= Activity =
Set each entry down verbatim, omitting images.

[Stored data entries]
-=-=-

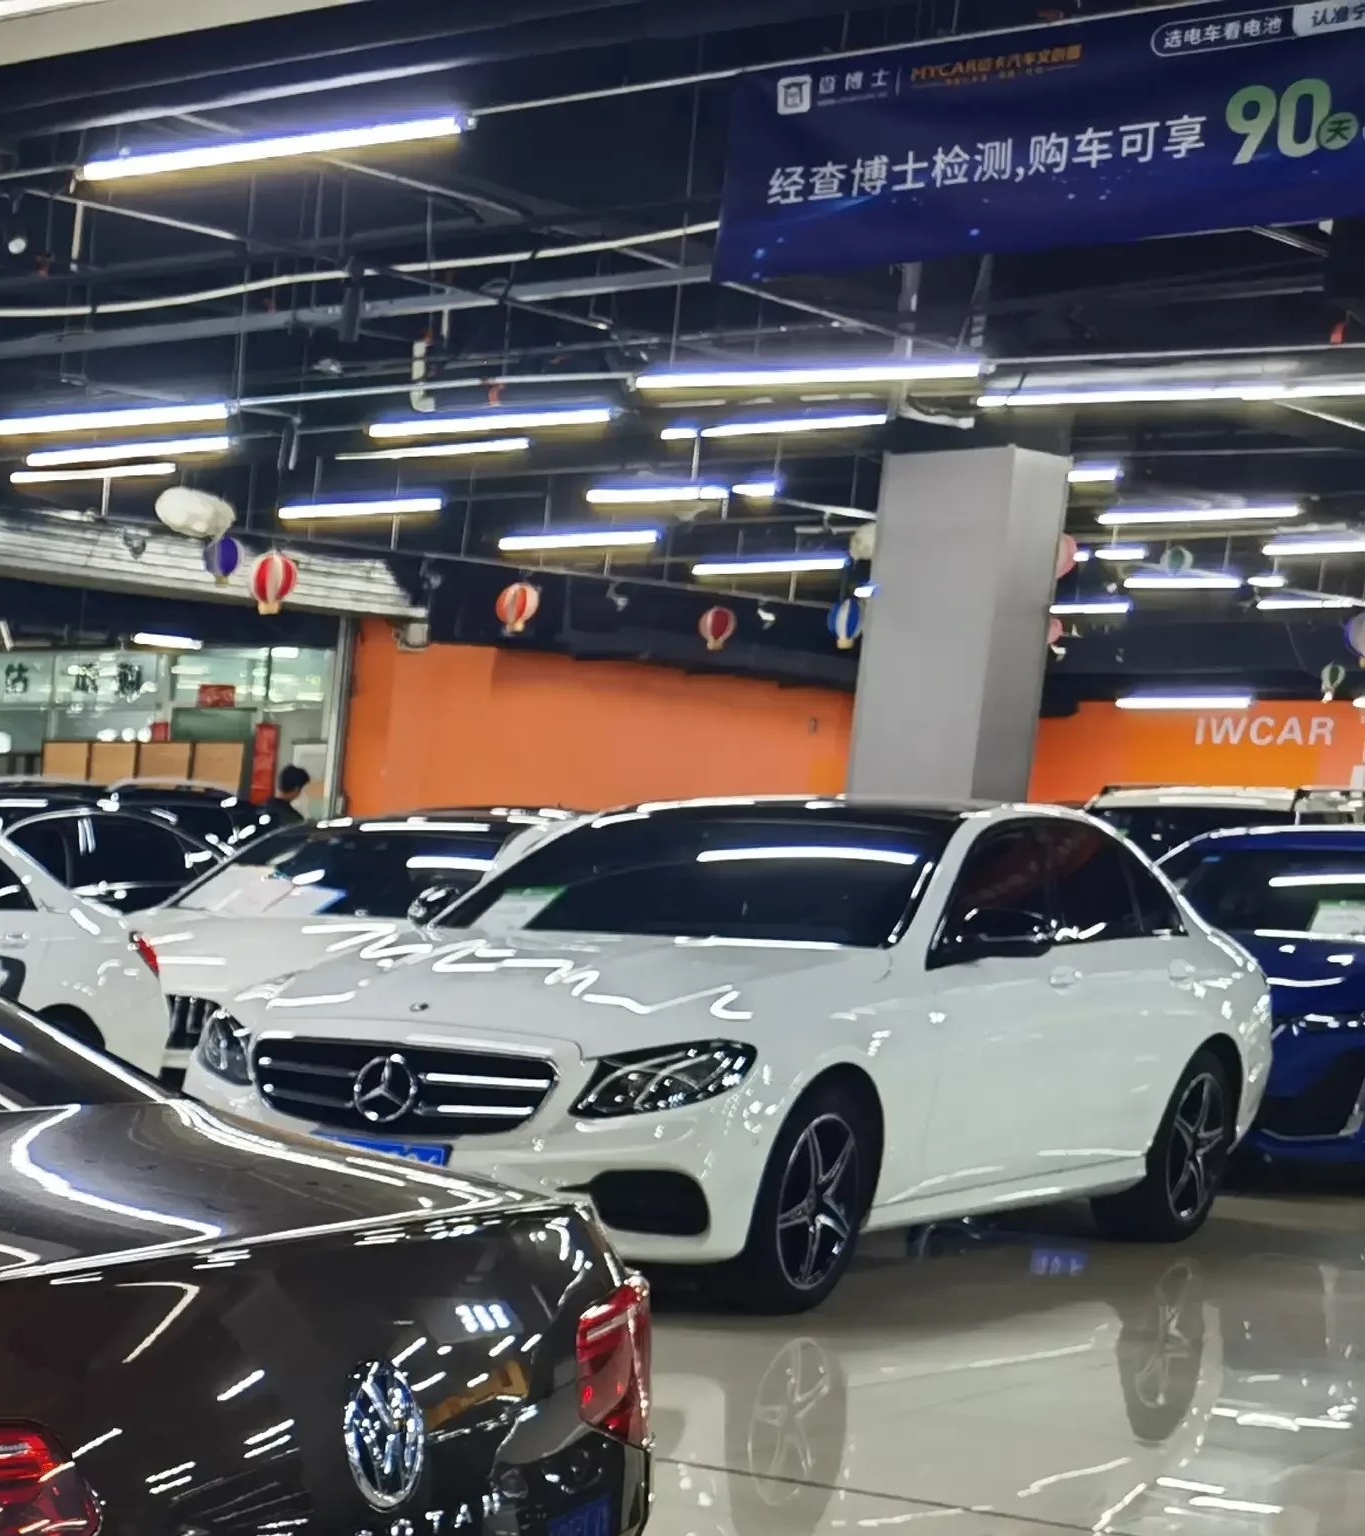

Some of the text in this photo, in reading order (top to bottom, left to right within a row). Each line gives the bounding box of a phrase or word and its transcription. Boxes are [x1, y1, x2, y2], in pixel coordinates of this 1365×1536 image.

[1163, 16, 1283, 49] 选电车看电池
[767, 115, 1207, 204] 经查博士检测,购车可享
[1194, 716, 1335, 746] IWCAR
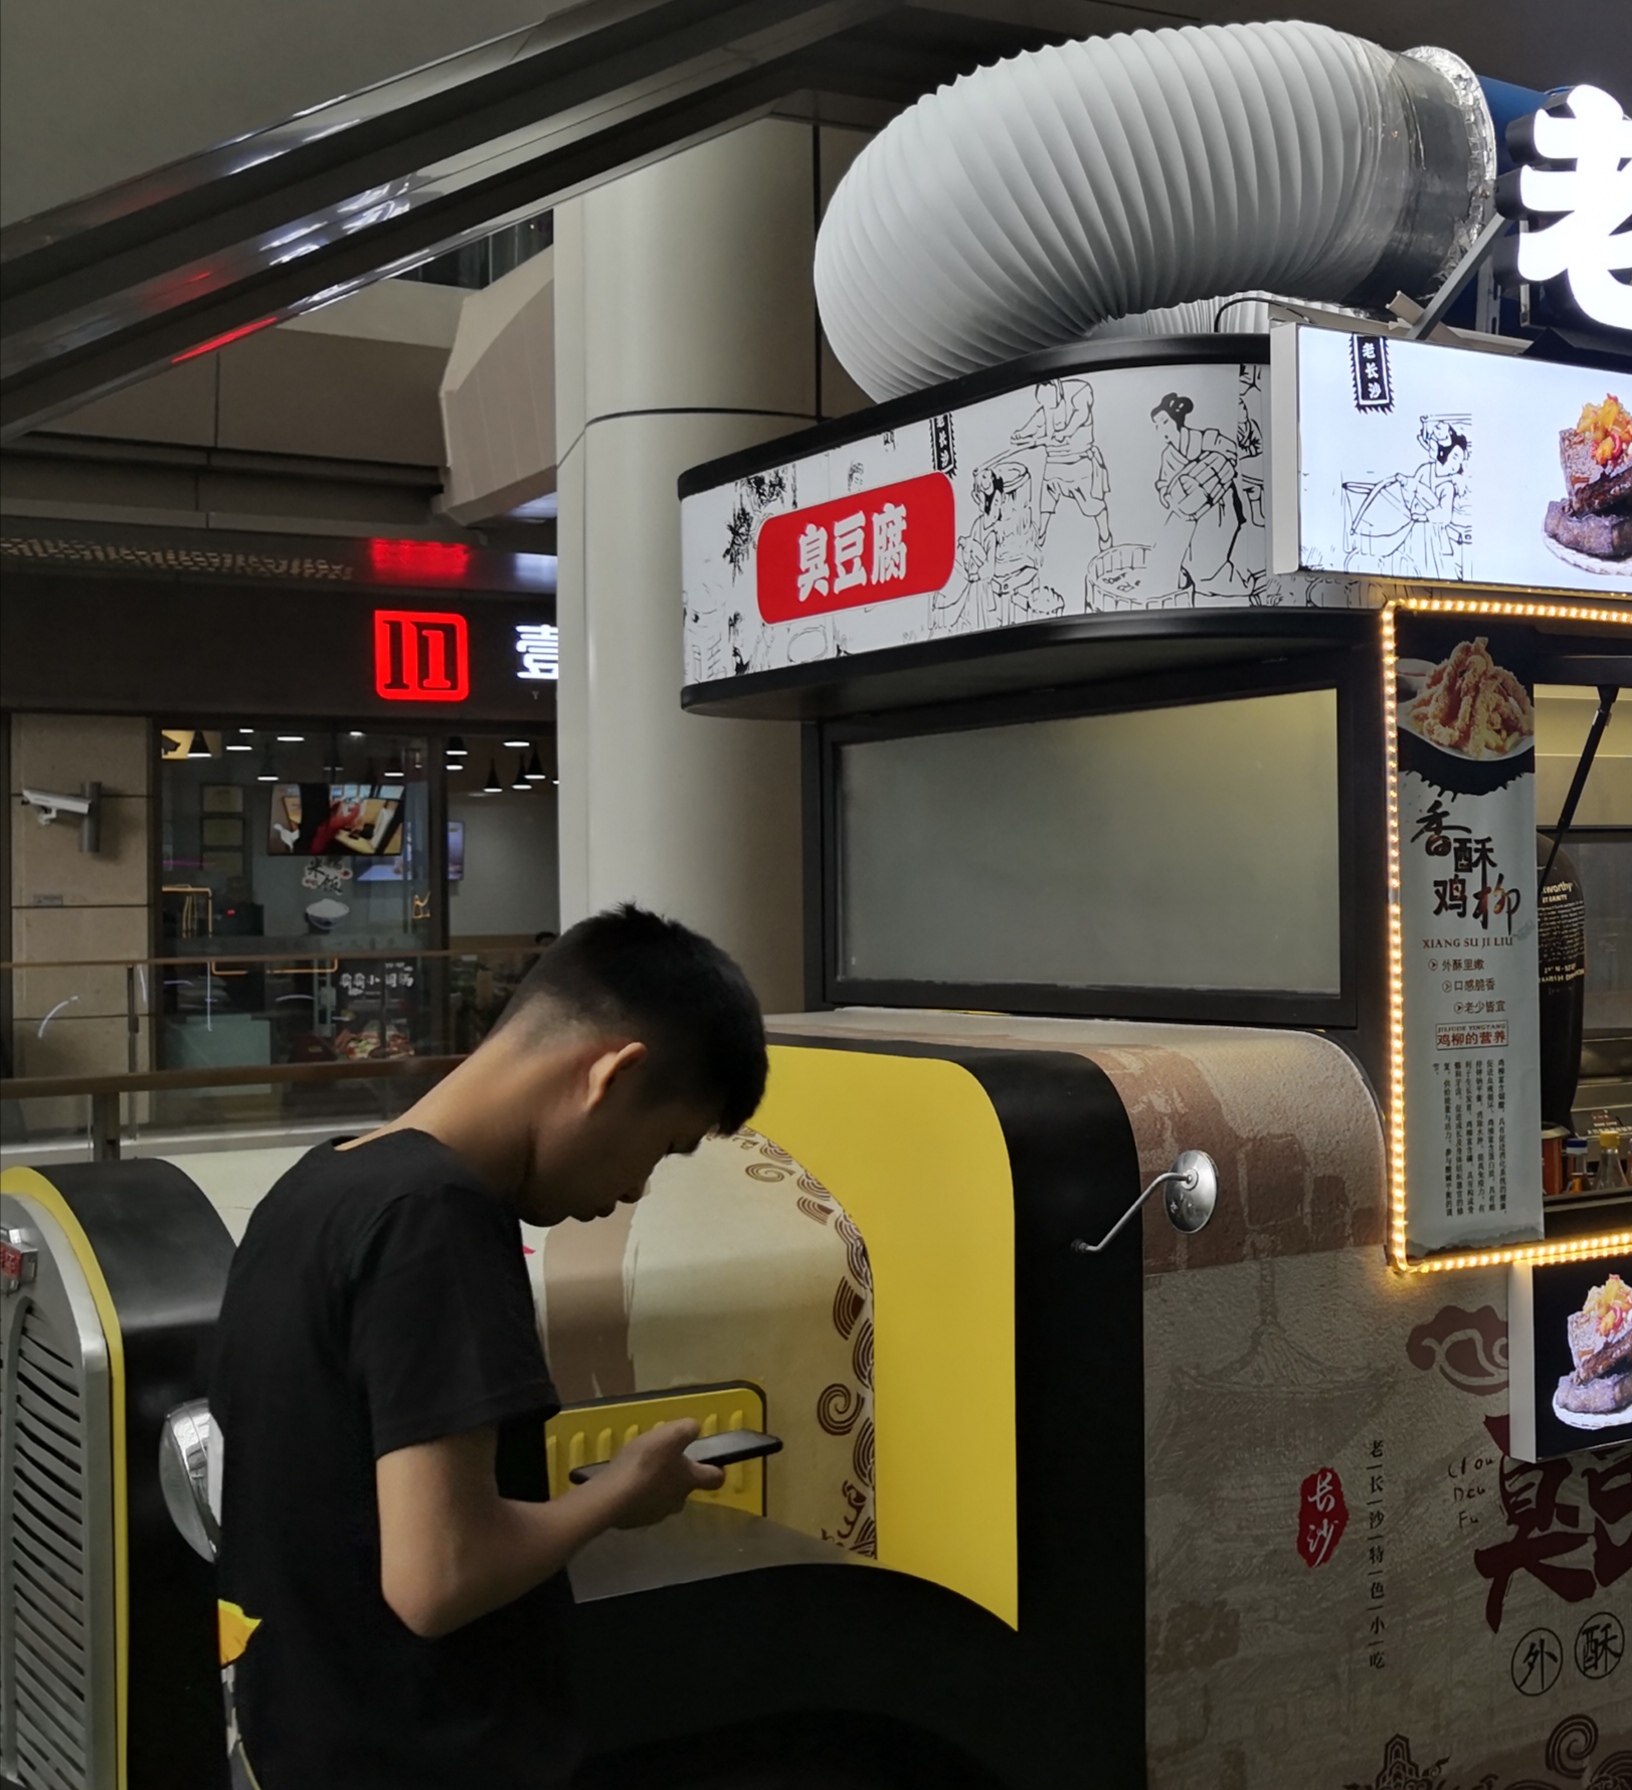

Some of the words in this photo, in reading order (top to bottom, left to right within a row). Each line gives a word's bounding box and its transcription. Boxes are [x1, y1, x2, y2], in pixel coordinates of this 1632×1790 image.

[1362, 342, 1382, 399] 老长沙
[797, 503, 908, 602] 臭豆腐
[1422, 938, 1461, 949] XIANG
[1463, 937, 1479, 948] SU
[1493, 937, 1514, 947] LIU
[1437, 1031, 1506, 1047] 鸡柳的营养
[1306, 1468, 1338, 1567] 长沙
[1459, 1509, 1480, 1529] Fu
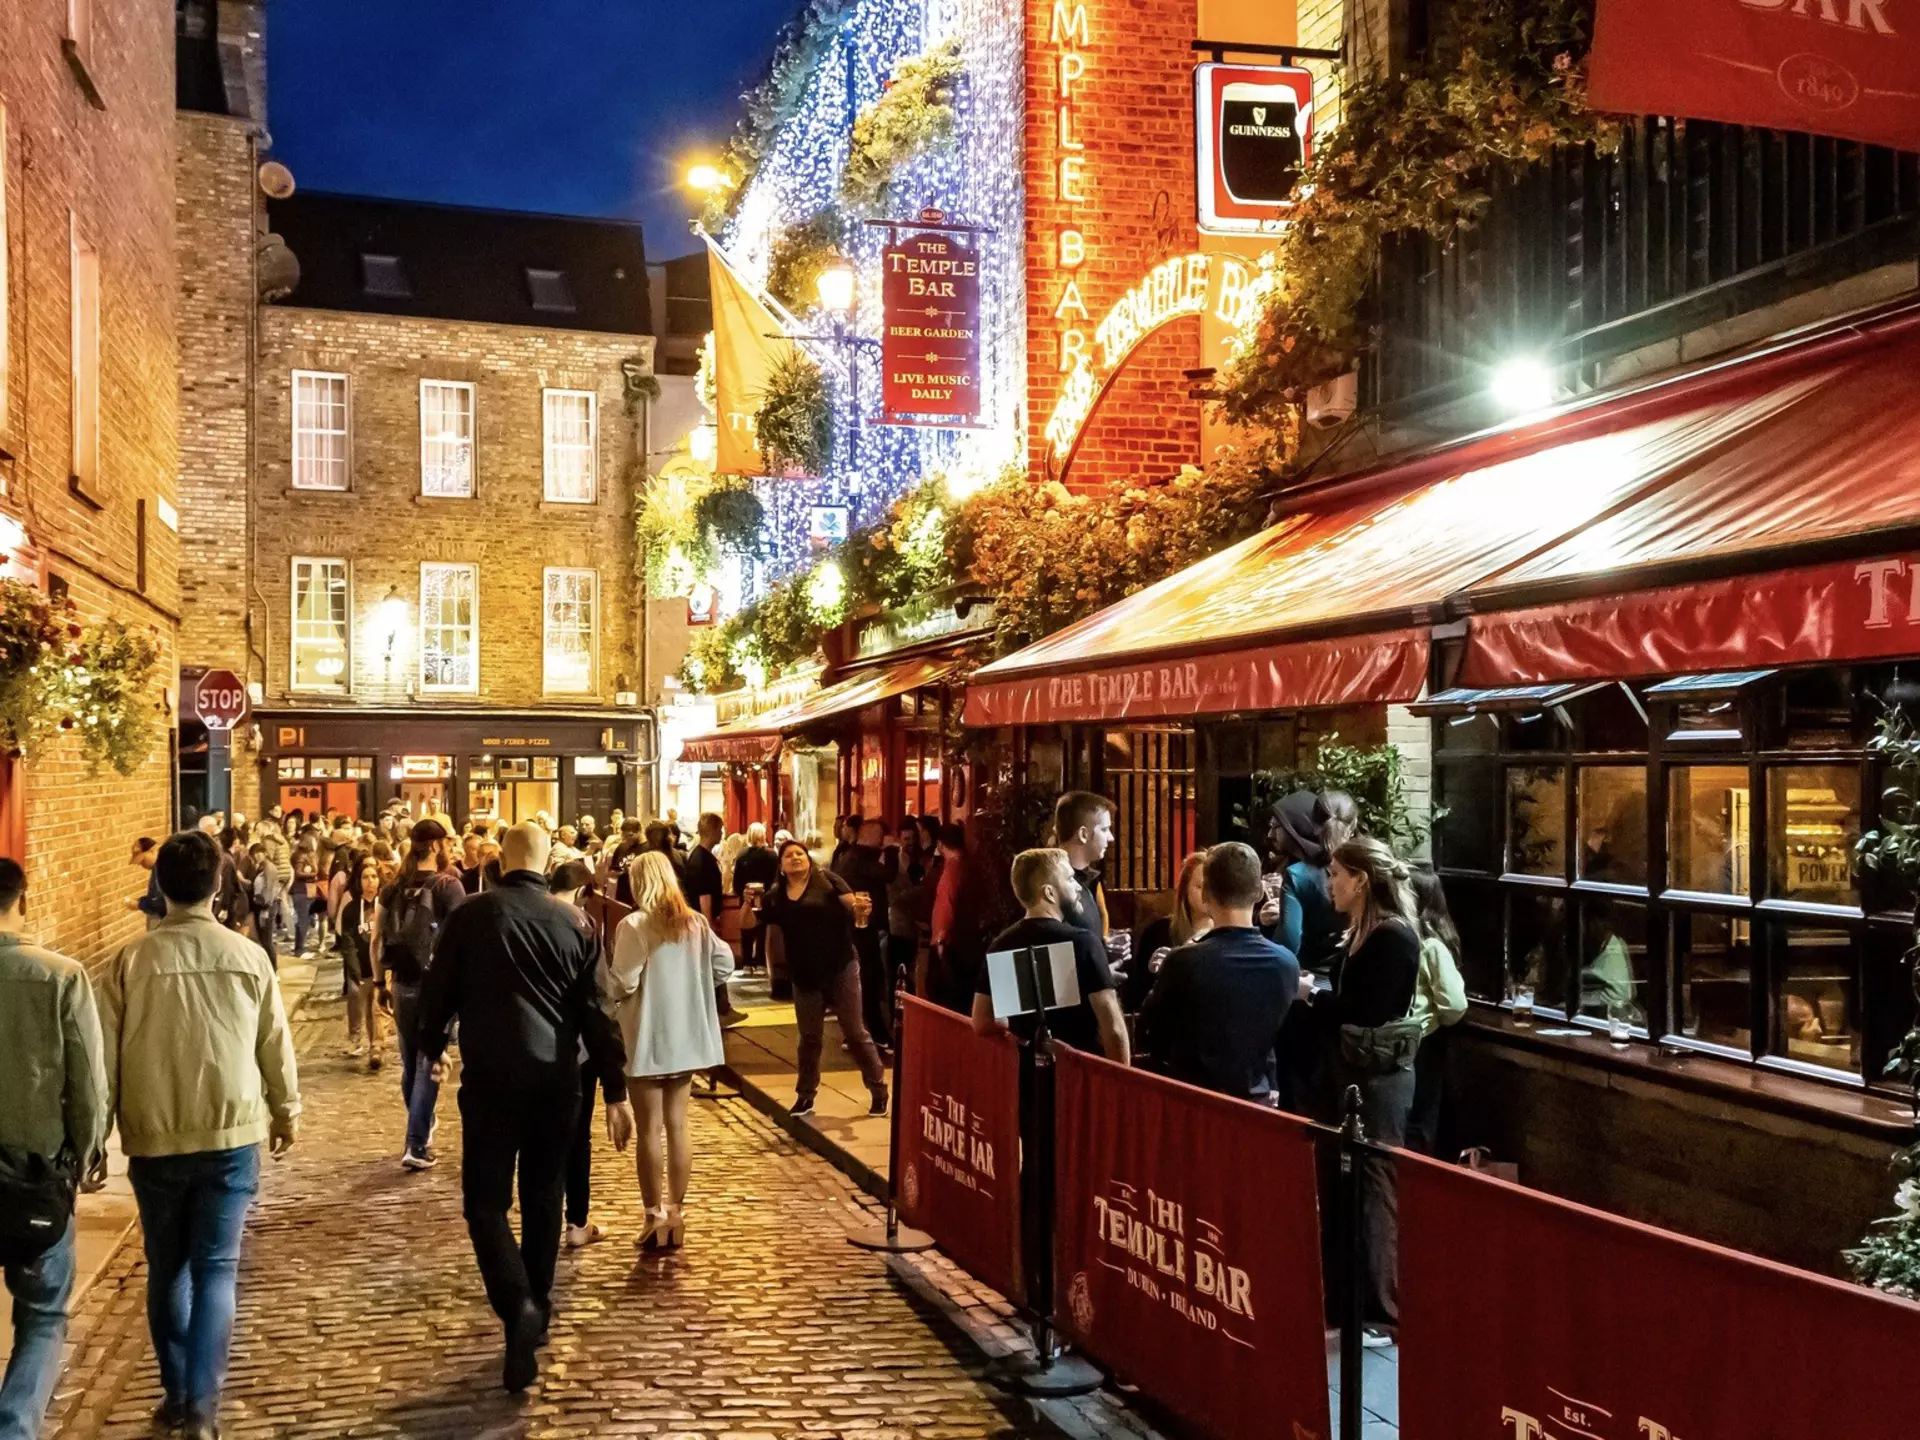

-=-=-

= Answer =
Some of the text in this photo, in reading order (top to bottom, left to right within a row). Each line gives the bounding box of a phrase or word and its transcription. Boxes are [x1, y1, x2, y2], in pixel coordinates of this 1365×1536 image.

[1163, 16, 1283, 49] 选电车看电池
[767, 115, 1207, 204] 经查博士检测,购车可享
[1194, 716, 1335, 746] IWCAR

Some of the words in this photo, in reading order (top to bottom, left to right within a row). Each line gives a word's bounding box and its transcription. Boxes are [x1, y1, x2, y2], in pixel coordinates of this 1632×1790 image.

[1362, 342, 1382, 399] 老长沙
[797, 503, 908, 602] 臭豆腐
[1422, 938, 1461, 949] XIANG
[1463, 937, 1479, 948] SU
[1493, 937, 1514, 947] LIU
[1437, 1031, 1506, 1047] 鸡柳的营养
[1306, 1468, 1338, 1567] 长沙
[1459, 1509, 1480, 1529] Fu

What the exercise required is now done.